START Records for this exercise
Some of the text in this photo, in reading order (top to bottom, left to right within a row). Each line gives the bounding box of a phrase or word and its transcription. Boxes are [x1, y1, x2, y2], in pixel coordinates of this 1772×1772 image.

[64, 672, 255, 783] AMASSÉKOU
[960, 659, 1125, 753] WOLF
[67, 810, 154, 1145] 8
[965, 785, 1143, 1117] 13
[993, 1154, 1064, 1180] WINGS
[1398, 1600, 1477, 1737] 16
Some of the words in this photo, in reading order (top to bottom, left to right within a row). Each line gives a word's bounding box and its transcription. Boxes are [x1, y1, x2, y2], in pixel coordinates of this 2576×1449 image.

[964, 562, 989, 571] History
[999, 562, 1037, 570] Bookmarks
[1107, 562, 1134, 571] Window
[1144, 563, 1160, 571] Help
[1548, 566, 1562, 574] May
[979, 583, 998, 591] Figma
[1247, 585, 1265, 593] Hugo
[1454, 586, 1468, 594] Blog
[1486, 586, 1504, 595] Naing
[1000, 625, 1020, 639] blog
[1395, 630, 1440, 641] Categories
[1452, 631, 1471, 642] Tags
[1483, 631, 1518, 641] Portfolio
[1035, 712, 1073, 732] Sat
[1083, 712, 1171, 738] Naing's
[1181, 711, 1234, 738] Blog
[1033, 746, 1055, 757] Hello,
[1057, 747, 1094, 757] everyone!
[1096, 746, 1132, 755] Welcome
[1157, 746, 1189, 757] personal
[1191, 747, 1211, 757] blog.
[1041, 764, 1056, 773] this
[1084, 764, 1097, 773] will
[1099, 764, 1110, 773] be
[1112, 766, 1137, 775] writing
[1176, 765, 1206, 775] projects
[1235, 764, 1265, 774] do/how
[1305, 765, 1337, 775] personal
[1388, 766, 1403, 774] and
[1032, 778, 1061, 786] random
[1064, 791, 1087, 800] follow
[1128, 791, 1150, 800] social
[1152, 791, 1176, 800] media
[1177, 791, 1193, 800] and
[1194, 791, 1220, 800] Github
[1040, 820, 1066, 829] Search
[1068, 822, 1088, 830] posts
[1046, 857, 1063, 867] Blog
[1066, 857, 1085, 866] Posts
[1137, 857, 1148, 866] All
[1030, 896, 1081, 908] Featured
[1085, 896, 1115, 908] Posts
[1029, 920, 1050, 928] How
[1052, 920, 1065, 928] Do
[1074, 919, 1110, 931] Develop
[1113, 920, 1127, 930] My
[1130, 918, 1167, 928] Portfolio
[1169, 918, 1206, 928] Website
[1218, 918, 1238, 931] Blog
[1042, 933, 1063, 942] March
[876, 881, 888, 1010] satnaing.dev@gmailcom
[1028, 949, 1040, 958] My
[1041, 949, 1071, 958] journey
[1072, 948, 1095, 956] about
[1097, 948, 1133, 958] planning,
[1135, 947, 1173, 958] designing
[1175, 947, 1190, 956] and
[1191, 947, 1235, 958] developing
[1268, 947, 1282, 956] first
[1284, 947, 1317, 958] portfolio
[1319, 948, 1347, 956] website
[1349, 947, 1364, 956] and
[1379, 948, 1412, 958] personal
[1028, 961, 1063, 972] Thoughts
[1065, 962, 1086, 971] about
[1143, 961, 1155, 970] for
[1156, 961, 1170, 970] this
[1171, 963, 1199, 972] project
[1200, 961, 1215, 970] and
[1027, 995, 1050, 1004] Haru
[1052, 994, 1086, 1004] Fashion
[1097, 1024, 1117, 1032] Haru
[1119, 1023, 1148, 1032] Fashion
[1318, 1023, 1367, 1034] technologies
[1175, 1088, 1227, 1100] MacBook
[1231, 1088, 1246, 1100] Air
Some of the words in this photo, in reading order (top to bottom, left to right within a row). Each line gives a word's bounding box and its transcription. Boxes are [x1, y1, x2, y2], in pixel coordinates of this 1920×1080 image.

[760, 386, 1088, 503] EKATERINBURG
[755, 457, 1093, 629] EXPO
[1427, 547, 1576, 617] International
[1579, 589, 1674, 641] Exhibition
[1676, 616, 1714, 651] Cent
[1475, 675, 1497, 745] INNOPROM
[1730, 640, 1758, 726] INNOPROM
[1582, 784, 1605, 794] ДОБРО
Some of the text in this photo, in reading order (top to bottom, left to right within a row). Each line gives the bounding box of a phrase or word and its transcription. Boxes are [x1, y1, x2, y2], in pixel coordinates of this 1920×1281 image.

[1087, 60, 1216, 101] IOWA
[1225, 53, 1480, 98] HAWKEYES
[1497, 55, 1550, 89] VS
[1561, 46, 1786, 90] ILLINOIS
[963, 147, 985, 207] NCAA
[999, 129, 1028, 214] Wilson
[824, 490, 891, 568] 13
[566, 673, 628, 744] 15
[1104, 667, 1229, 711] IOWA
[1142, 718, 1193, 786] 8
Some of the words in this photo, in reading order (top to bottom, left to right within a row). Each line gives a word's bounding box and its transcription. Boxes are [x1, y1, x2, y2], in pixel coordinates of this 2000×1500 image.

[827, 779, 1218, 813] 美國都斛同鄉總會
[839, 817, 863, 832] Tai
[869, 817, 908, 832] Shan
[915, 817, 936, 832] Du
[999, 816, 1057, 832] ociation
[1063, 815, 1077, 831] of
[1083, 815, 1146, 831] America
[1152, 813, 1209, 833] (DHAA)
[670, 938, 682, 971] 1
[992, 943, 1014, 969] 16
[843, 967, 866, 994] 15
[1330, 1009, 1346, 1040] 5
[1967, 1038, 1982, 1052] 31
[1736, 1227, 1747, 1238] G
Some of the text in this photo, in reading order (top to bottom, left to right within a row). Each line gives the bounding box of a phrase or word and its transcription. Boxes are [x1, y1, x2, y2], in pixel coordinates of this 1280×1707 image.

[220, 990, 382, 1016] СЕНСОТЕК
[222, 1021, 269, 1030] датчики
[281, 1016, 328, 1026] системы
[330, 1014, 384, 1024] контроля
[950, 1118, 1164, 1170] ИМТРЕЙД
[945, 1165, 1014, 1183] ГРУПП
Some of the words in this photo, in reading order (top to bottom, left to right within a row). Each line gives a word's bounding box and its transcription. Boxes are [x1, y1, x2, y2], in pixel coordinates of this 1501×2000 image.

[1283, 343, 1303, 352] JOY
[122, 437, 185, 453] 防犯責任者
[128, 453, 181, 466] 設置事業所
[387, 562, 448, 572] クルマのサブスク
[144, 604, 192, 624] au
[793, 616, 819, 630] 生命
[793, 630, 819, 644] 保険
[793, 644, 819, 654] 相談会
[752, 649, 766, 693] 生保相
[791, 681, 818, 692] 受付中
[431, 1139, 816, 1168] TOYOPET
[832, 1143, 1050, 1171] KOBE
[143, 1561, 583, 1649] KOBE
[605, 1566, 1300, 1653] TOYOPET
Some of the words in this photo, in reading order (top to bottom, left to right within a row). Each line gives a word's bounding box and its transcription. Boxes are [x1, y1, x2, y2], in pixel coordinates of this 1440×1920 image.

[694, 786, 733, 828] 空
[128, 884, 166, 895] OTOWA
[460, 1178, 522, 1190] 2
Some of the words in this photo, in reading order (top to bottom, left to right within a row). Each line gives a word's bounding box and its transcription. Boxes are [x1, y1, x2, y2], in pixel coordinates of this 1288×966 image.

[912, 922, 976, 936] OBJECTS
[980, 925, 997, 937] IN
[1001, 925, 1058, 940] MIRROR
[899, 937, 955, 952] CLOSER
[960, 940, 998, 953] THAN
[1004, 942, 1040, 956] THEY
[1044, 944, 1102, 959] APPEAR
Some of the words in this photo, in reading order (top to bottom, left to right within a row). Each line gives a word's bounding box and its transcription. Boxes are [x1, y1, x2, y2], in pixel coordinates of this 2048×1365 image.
END Records for this exercise
#### [Activity]
Please set down all the data word for word.

#### [Output for this exercise]
Some of the text in this photo, in reading order (top to bottom, left to right within a row). Each line gives the bounding box of a phrase or word and its transcription. Boxes are [x1, y1, x2, y2], in pixel coordinates of this 1772×1772 image.

[64, 672, 255, 783] AMASSÉKOU
[960, 659, 1125, 753] WOLF
[67, 810, 154, 1145] 8
[965, 785, 1143, 1117] 13
[993, 1154, 1064, 1180] WINGS
[1398, 1600, 1477, 1737] 16
Some of the words in this photo, in reading order (top to bottom, left to right within a row). Each line gives a word's bounding box and its transcription. Boxes are [x1, y1, x2, y2], in pixel coordinates of this 2576×1449 image.

[964, 562, 989, 571] History
[999, 562, 1037, 570] Bookmarks
[1107, 562, 1134, 571] Window
[1144, 563, 1160, 571] Help
[1548, 566, 1562, 574] May
[979, 583, 998, 591] Figma
[1247, 585, 1265, 593] Hugo
[1454, 586, 1468, 594] Blog
[1486, 586, 1504, 595] Naing
[1000, 625, 1020, 639] blog
[1395, 630, 1440, 641] Categories
[1452, 631, 1471, 642] Tags
[1483, 631, 1518, 641] Portfolio
[1035, 712, 1073, 732] Sat
[1083, 712, 1171, 738] Naing's
[1181, 711, 1234, 738] Blog
[1033, 746, 1055, 757] Hello,
[1057, 747, 1094, 757] everyone!
[1096, 746, 1132, 755] Welcome
[1157, 746, 1189, 757] personal
[1191, 747, 1211, 757] blog.
[1041, 764, 1056, 773] this
[1084, 764, 1097, 773] will
[1099, 764, 1110, 773] be
[1112, 766, 1137, 775] writing
[1176, 765, 1206, 775] projects
[1235, 764, 1265, 774] do/how
[1305, 765, 1337, 775] personal
[1388, 766, 1403, 774] and
[1032, 778, 1061, 786] random
[1064, 791, 1087, 800] follow
[1128, 791, 1150, 800] social
[1152, 791, 1176, 800] media
[1177, 791, 1193, 800] and
[1194, 791, 1220, 800] Github
[1040, 820, 1066, 829] Search
[1068, 822, 1088, 830] posts
[1046, 857, 1063, 867] Blog
[1066, 857, 1085, 866] Posts
[1137, 857, 1148, 866] All
[1030, 896, 1081, 908] Featured
[1085, 896, 1115, 908] Posts
[1029, 920, 1050, 928] How
[1052, 920, 1065, 928] Do
[1074, 919, 1110, 931] Develop
[1113, 920, 1127, 930] My
[1130, 918, 1167, 928] Portfolio
[1169, 918, 1206, 928] Website
[1218, 918, 1238, 931] Blog
[1042, 933, 1063, 942] March
[876, 881, 888, 1010] satnaing.dev@gmailcom
[1028, 949, 1040, 958] My
[1041, 949, 1071, 958] journey
[1072, 948, 1095, 956] about
[1097, 948, 1133, 958] planning,
[1135, 947, 1173, 958] designing
[1175, 947, 1190, 956] and
[1191, 947, 1235, 958] developing
[1268, 947, 1282, 956] first
[1284, 947, 1317, 958] portfolio
[1319, 948, 1347, 956] website
[1349, 947, 1364, 956] and
[1379, 948, 1412, 958] personal
[1028, 961, 1063, 972] Thoughts
[1065, 962, 1086, 971] about
[1143, 961, 1155, 970] for
[1156, 961, 1170, 970] this
[1171, 963, 1199, 972] project
[1200, 961, 1215, 970] and
[1027, 995, 1050, 1004] Haru
[1052, 994, 1086, 1004] Fashion
[1097, 1024, 1117, 1032] Haru
[1119, 1023, 1148, 1032] Fashion
[1318, 1023, 1367, 1034] technologies
[1175, 1088, 1227, 1100] MacBook
[1231, 1088, 1246, 1100] Air
Some of the words in this photo, in reading order (top to bottom, left to right within a row). Each line gives a word's bounding box and its transcription. Boxes are [x1, y1, x2, y2], in pixel coordinates of this 1920×1080 image.

[760, 386, 1088, 503] EKATERINBURG
[755, 457, 1093, 629] EXPO
[1427, 547, 1576, 617] International
[1579, 589, 1674, 641] Exhibition
[1676, 616, 1714, 651] Cent
[1475, 675, 1497, 745] INNOPROM
[1730, 640, 1758, 726] INNOPROM
[1582, 784, 1605, 794] ДОБРО
Some of the text in this photo, in reading order (top to bottom, left to right within a row). Each line gives the bounding box of a phrase or word and its transcription. Boxes are [x1, y1, x2, y2], in pixel coordinates of this 1920×1281 image.

[1087, 60, 1216, 101] IOWA
[1225, 53, 1480, 98] HAWKEYES
[1497, 55, 1550, 89] VS
[1561, 46, 1786, 90] ILLINOIS
[963, 147, 985, 207] NCAA
[999, 129, 1028, 214] Wilson
[824, 490, 891, 568] 13
[566, 673, 628, 744] 15
[1104, 667, 1229, 711] IOWA
[1142, 718, 1193, 786] 8
Some of the words in this photo, in reading order (top to bottom, left to right within a row). Each line gives a word's bounding box and its transcription. Boxes are [x1, y1, x2, y2], in pixel coordinates of this 2000×1500 image.

[827, 779, 1218, 813] 美國都斛同鄉總會
[839, 817, 863, 832] Tai
[869, 817, 908, 832] Shan
[915, 817, 936, 832] Du
[999, 816, 1057, 832] ociation
[1063, 815, 1077, 831] of
[1083, 815, 1146, 831] America
[1152, 813, 1209, 833] (DHAA)
[670, 938, 682, 971] 1
[992, 943, 1014, 969] 16
[843, 967, 866, 994] 15
[1330, 1009, 1346, 1040] 5
[1967, 1038, 1982, 1052] 31
[1736, 1227, 1747, 1238] G
Some of the text in this photo, in reading order (top to bottom, left to right within a row). Each line gives the bounding box of a phrase or word and its transcription. Boxes are [x1, y1, x2, y2], in pixel coordinates of this 1280×1707 image.

[220, 990, 382, 1016] СЕНСОТЕК
[222, 1021, 269, 1030] датчики
[281, 1016, 328, 1026] системы
[330, 1014, 384, 1024] контроля
[950, 1118, 1164, 1170] ИМТРЕЙД
[945, 1165, 1014, 1183] ГРУПП
Some of the words in this photo, in reading order (top to bottom, left to right within a row). Each line gives a word's bounding box and its transcription. Boxes are [x1, y1, x2, y2], in pixel coordinates of this 1501×2000 image.

[1283, 343, 1303, 352] JOY
[122, 437, 185, 453] 防犯責任者
[128, 453, 181, 466] 設置事業所
[387, 562, 448, 572] クルマのサブスク
[144, 604, 192, 624] au
[793, 616, 819, 630] 生命
[793, 630, 819, 644] 保険
[793, 644, 819, 654] 相談会
[752, 649, 766, 693] 生保相
[791, 681, 818, 692] 受付中
[431, 1139, 816, 1168] TOYOPET
[832, 1143, 1050, 1171] KOBE
[143, 1561, 583, 1649] KOBE
[605, 1566, 1300, 1653] TOYOPET
Some of the words in this photo, in reading order (top to bottom, left to right within a row). Each line gives a word's bounding box and its transcription. Boxes are [x1, y1, x2, y2], in pixel coordinates of this 1440×1920 image.

[694, 786, 733, 828] 空
[128, 884, 166, 895] OTOWA
[460, 1178, 522, 1190] 2
Some of the words in this photo, in reading order (top to bottom, left to right within a row). Each line gives a word's bounding box and its transcription. Boxes are [x1, y1, x2, y2], in pixel coordinates of this 1288×966 image.

[912, 922, 976, 936] OBJECTS
[980, 925, 997, 937] IN
[1001, 925, 1058, 940] MIRROR
[899, 937, 955, 952] CLOSER
[960, 940, 998, 953] THAN
[1004, 942, 1040, 956] THEY
[1044, 944, 1102, 959] APPEAR
Some of the words in this photo, in reading order (top to bottom, left to right within a row). Each line gives a word's bounding box and its transcription. Boxes are [x1, y1, x2, y2], in pixel coordinates of this 2048×1365 image.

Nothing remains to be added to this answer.